Amor Incondicional a la camiseta (Hasta Que Llamen de Recursos Humanos)
Autor: Carlos R. Flores
direccion@cambiocultural.net
—¿Cómo vas a hacer eso? —me dijo Servanda, una colega a
quien, por cortesía, yo estaba transportando al aeropuerto para que tomara el
vuelo de regreso a su país—. ¡Es un sacrilegio que vayás a poner combustible en
una gasolinera que no es de nuestra marca!
—¿Pero por qué no? —repliqué con extrañeza—. Es mi vehículo,
no es de la compañía. Es mi dinero; no me lo paga la empresa.
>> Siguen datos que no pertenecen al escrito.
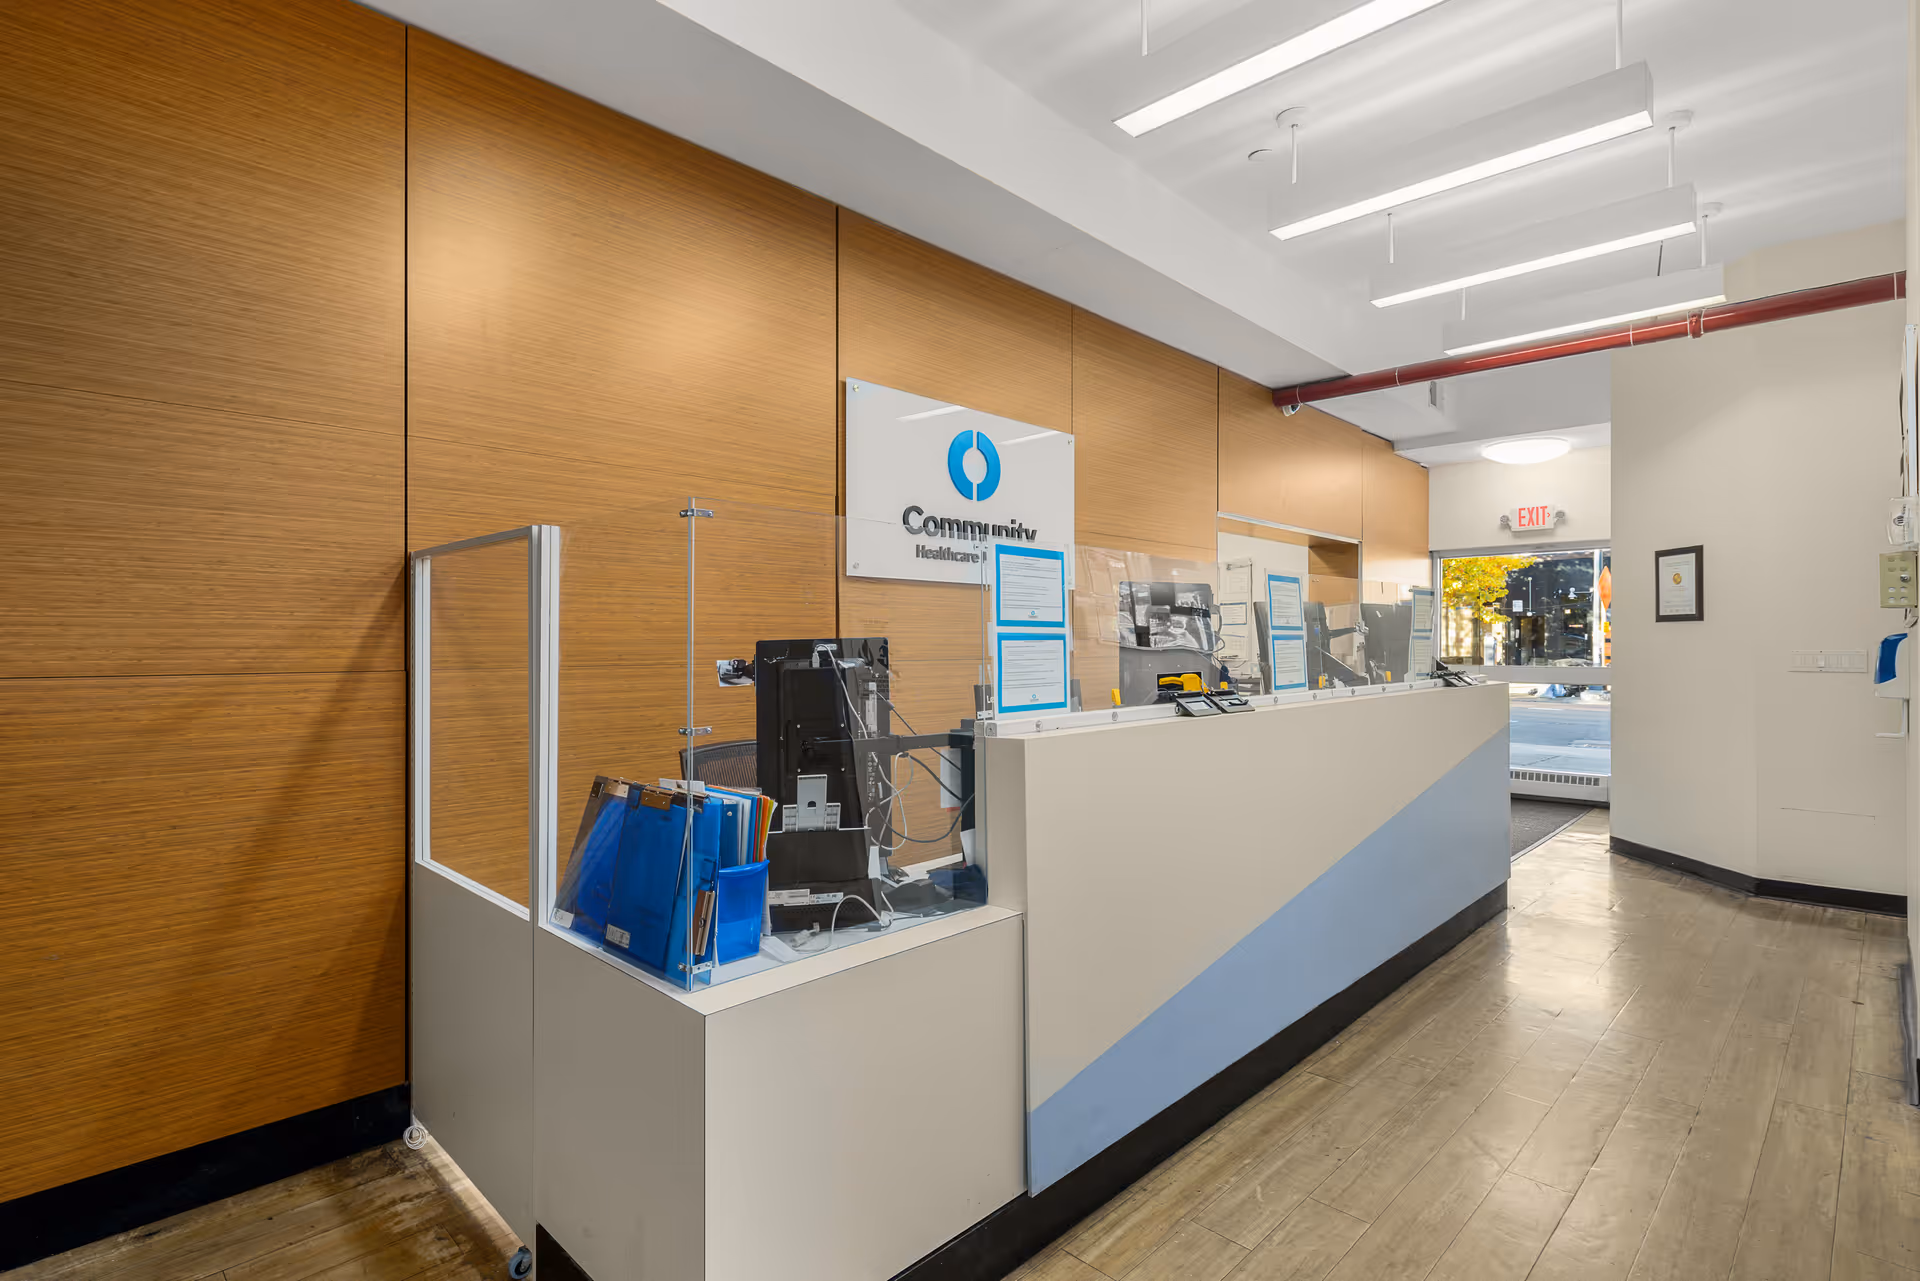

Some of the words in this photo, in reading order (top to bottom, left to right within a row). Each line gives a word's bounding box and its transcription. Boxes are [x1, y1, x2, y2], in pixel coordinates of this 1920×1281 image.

[903, 505, 1037, 542] Community
[1518, 506, 1548, 527] EXIT
[915, 544, 980, 563] Healthcare
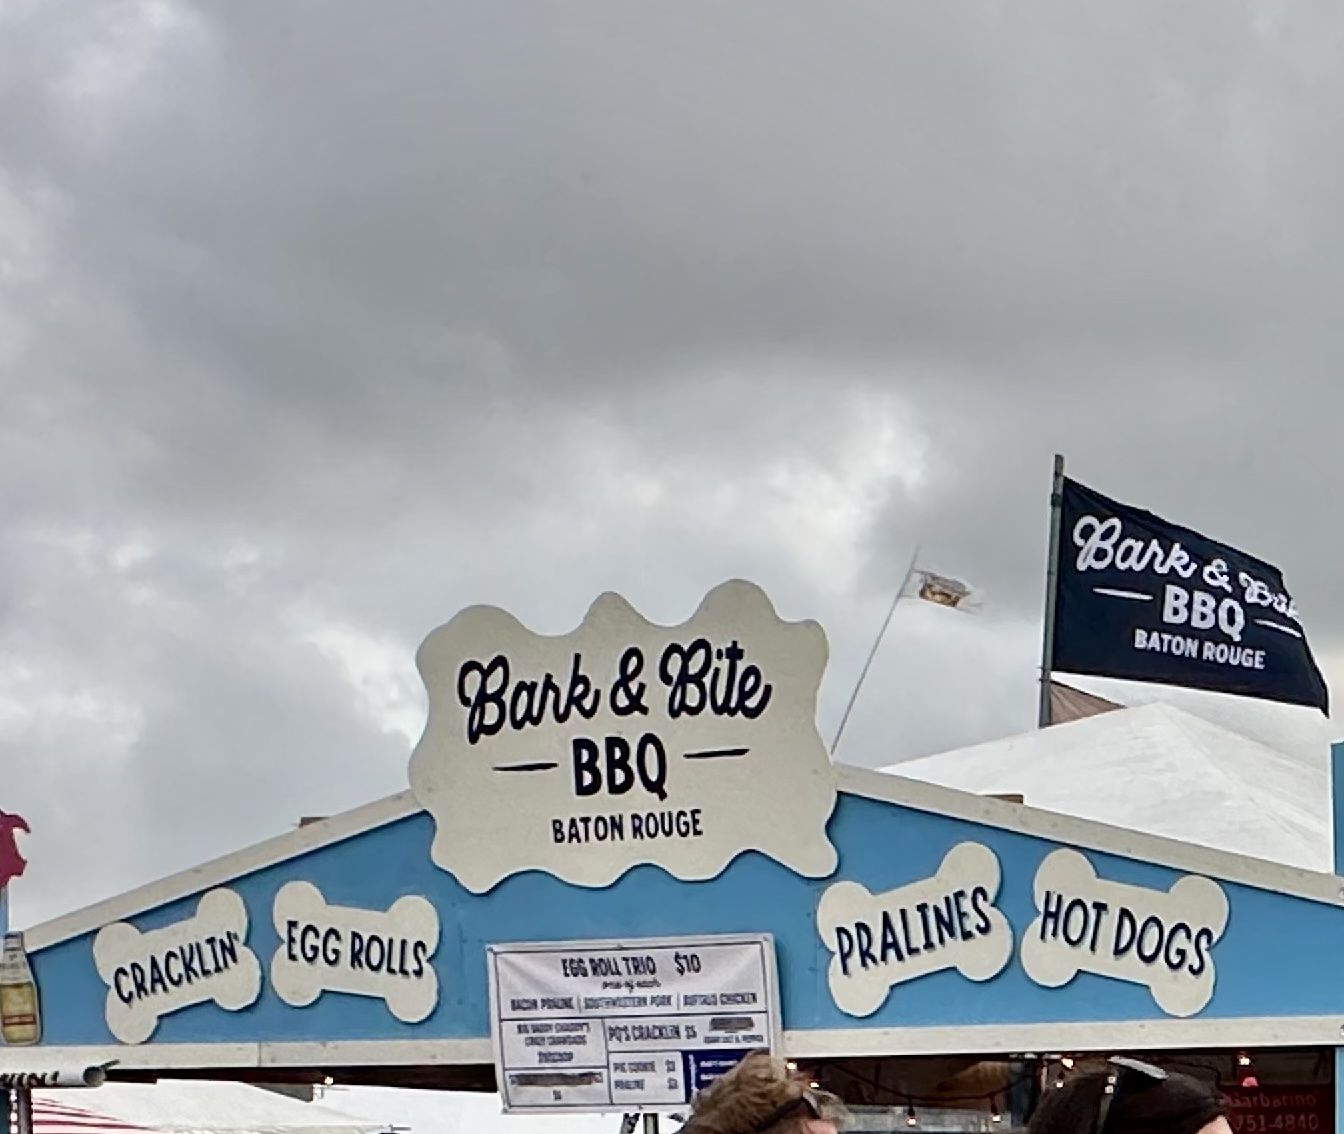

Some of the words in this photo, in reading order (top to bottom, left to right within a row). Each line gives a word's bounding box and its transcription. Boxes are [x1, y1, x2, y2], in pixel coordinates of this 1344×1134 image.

[1072, 514, 1198, 578] Bark
[1202, 558, 1233, 593] &
[1162, 584, 1246, 643] BBQ
[1134, 628, 1199, 660] BATON
[1202, 641, 1267, 670] ROUGE
[457, 653, 601, 746] Bark
[609, 645, 650, 716] &
[658, 637, 772, 719] Bite
[571, 732, 669, 801] BBQ
[552, 814, 625, 844] BATON
[631, 808, 704, 840] ROUGE
[286, 919, 342, 968] EGG
[349, 928, 429, 979] ROLLS
[834, 886, 993, 976] PRALINES
[1039, 889, 1112, 948] HOT
[1112, 906, 1214, 977] DOGS
[561, 957, 589, 978] EGG
[590, 956, 622, 977] ROLL
[621, 955, 656, 976] TRIO
[674, 951, 702, 976] $10
Creo tener la
libertad mínima de poner combustible donde yo quiera.
—No, no, no, no —respondió ofuscada—. Esa es una deslealtad.
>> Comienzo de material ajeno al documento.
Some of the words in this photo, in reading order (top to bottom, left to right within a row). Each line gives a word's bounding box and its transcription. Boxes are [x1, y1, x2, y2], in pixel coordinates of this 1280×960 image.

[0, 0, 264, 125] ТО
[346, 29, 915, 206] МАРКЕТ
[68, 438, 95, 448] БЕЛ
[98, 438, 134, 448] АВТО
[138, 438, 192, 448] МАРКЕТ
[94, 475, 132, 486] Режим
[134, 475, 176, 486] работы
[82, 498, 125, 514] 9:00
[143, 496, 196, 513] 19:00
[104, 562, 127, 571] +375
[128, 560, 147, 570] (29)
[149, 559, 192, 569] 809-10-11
Debemos mantenernos fieles a la compañía. Uno debe ser fiel a quien le paga el
salario.
—Pero debo ponerle combustible a mi vehículo. No hay una
estación con la marca de la empresa en kilómetros a la redonda.
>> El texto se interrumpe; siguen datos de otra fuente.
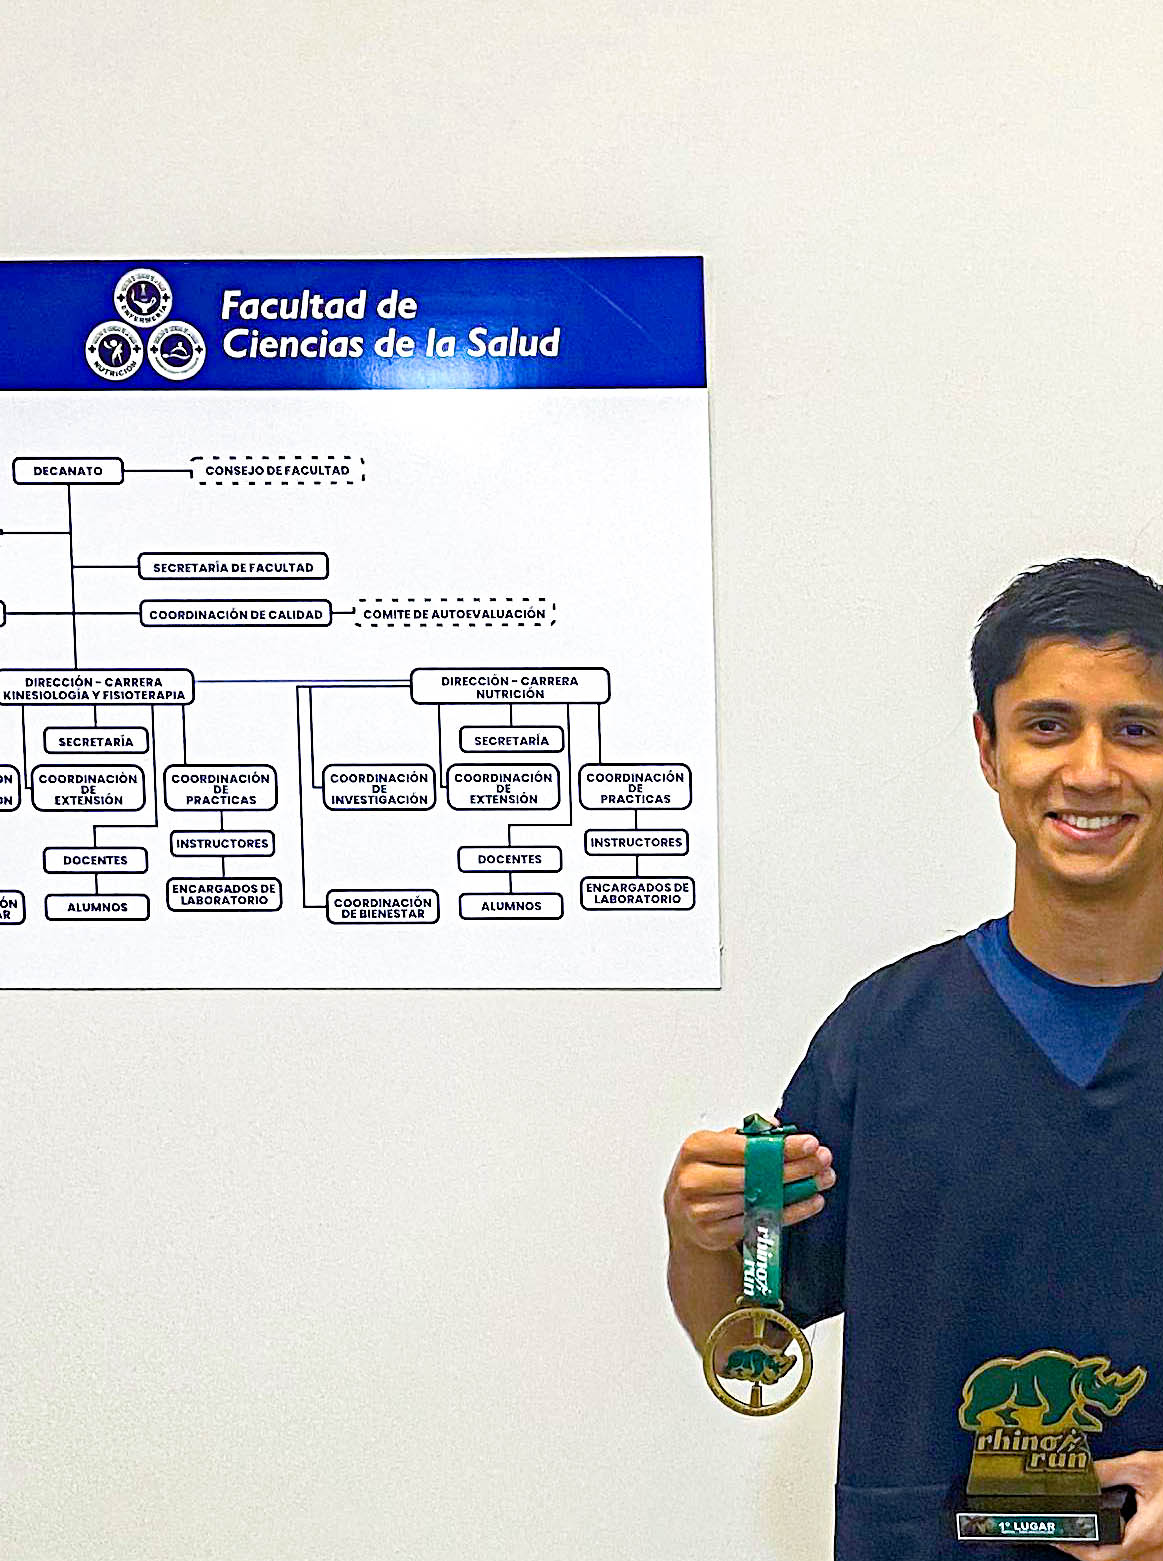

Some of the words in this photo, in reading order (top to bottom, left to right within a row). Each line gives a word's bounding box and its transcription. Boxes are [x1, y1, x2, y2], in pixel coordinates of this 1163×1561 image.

[222, 290, 366, 319] Facultad
[377, 290, 417, 318] de
[224, 329, 363, 358] Ciencias
[374, 328, 416, 358] de
[426, 328, 456, 358] la
[467, 327, 561, 358] Salud
[34, 467, 102, 475] DECANATO
[206, 466, 264, 475] CONSEJO
[267, 466, 282, 475] DE
[285, 466, 349, 475] FACULTAD
[154, 561, 228, 572] SECRETARÍA
[232, 563, 246, 572] DE
[250, 563, 313, 572] FACULTAD
[150, 608, 248, 619] COORDINACIÓN
[250, 610, 266, 619] DE
[269, 610, 322, 619] CALIDAD
[364, 610, 410, 619] COMITE
[414, 610, 428, 619] DE
[432, 607, 545, 619] AUTOEVALUACIÓN
[26, 675, 90, 687] DIRECCIÓN
[105, 678, 162, 687] CARRERA
[442, 674, 508, 686] DIRECCIÓN
[521, 677, 578, 688] CARRERA
[4, 689, 89, 700] KINESIOLOGÍA
[92, 691, 100, 699] Y
[103, 691, 185, 699] FISIOTERAPIA
[477, 687, 544, 698] NUTRICIÓN
[59, 735, 133, 746] SECRETARÍA
[475, 734, 549, 745] SECRETARÍA
[39, 772, 137, 783] COORDINACIÓN
[172, 772, 269, 783] COORDINACIÓN
[331, 771, 427, 783] COORDINACIÓN
[455, 772, 552, 782] COORDINACIÓN
[587, 771, 683, 782] COORDINACIÓN
[81, 786, 96, 794] DE
[214, 785, 228, 794] DE
[372, 785, 387, 793] DE
[497, 784, 510, 793] DE
[629, 784, 642, 792] DE
[55, 794, 122, 805] EXTENSIÓN
[187, 796, 256, 804] PRACTICAS
[332, 794, 427, 804] INVESTIGACIÓN
[470, 793, 537, 804] EXTENSIÓN
[601, 795, 670, 803] PRACTICAS
[177, 839, 268, 848] INSTRUCTORES
[591, 838, 682, 847] INSTRUCTORES
[64, 856, 127, 865] DOCENTES
[479, 855, 541, 864] DOCENTES
[173, 884, 257, 893] ENCARGADOS
[261, 884, 275, 893] DE
[587, 883, 671, 892] ENCARGADOS
[675, 883, 688, 892] DE
[181, 896, 268, 905] LABORATORIO
[334, 897, 431, 907] COORDINACIÓN
[595, 895, 681, 903] LABORATORIO
[68, 903, 127, 912] ALUMNOS
[482, 902, 541, 911] ALUMNOS
[342, 909, 356, 918] DE
[360, 909, 424, 918] BIENESTAR
[976, 1428, 1063, 1451] rhino
[1030, 1451, 1088, 1468] run
[1013, 1521, 1056, 1531] LUGAR
—No, no, no —dijo con ansiedad—. ¿Qué dirían otros si te
vieran haciendo esto? Uno debe ser leal y comprometido con nuestra organización.
La joven mujer era una entusiasta colaboradora
administrativa de la empresa para la que ambos laborábamos; ella en un país del
norte y yo aquí, en mi nación.
Recuerdo que en las reuniones de trabajo era ella quien daba
las alocuciones más vigorosas pidiendo “sudar más la camiseta”, “poner el
corazón en cada tarea”, “dejar el pellejo por la compañía”, así como frases
similares: “llevando el óvalo en el corazón”; “dar hasta el último aliento por
esta empresa”.
Las suyas eran frases más para una gesta patriótica, para
una batalla por la independencia.
La evoco pidiendo la palabra al final de las reuniones de
área, las que tomaban lugar en algún país de la región. Siempre con la misma
tónica: “debemos dar gracias a esta compañía que nos permite destacarnos al
máximo de nuestras capacidades, regresando a nuestras casas tal cual y como
salimos”.
No eran pocas las ocasiones en que ella criticaba alguna
posición u opinión que implicara en los demás un atisbo de pensamiento propio o
una postura de cautela constructiva ante las iniciativas. Murmuraba de “estos
que siempre están bajando las rpm ante el ritmo y emoción que debemos ponerle
al tema”.
En las reuniones regionales, cuando había que aplaudir a
alguno de los ejecutivos que disertaban ante la audiencia, Servanda aplaudía
con tal entusiasmo que, mis propios aplausos —lo confieso— me hacían sentir
apenado; parecía como si yo tuviera dengue hemorrágico, paludismo o algún mal
físico que me impidiera alcanzar el frenesí, el arrebato, el desenfreno, el
éxtasis místico que Servanda alcanzaba al poner sus ojos en blanco y ovacionar
a aquellos ejecutivos que decidían los hilos y las vidas laborales de tanta
gente.
“No me merezco toda esta gloria corporativa que me ha
antecedido”, llegué un día a pensar en una reunión, viendo a aquella colega que
ponderaba las virtudes que, según su entender, debía tener alguien bendecido
con la envidiable oportunidad de laborar para esa organización.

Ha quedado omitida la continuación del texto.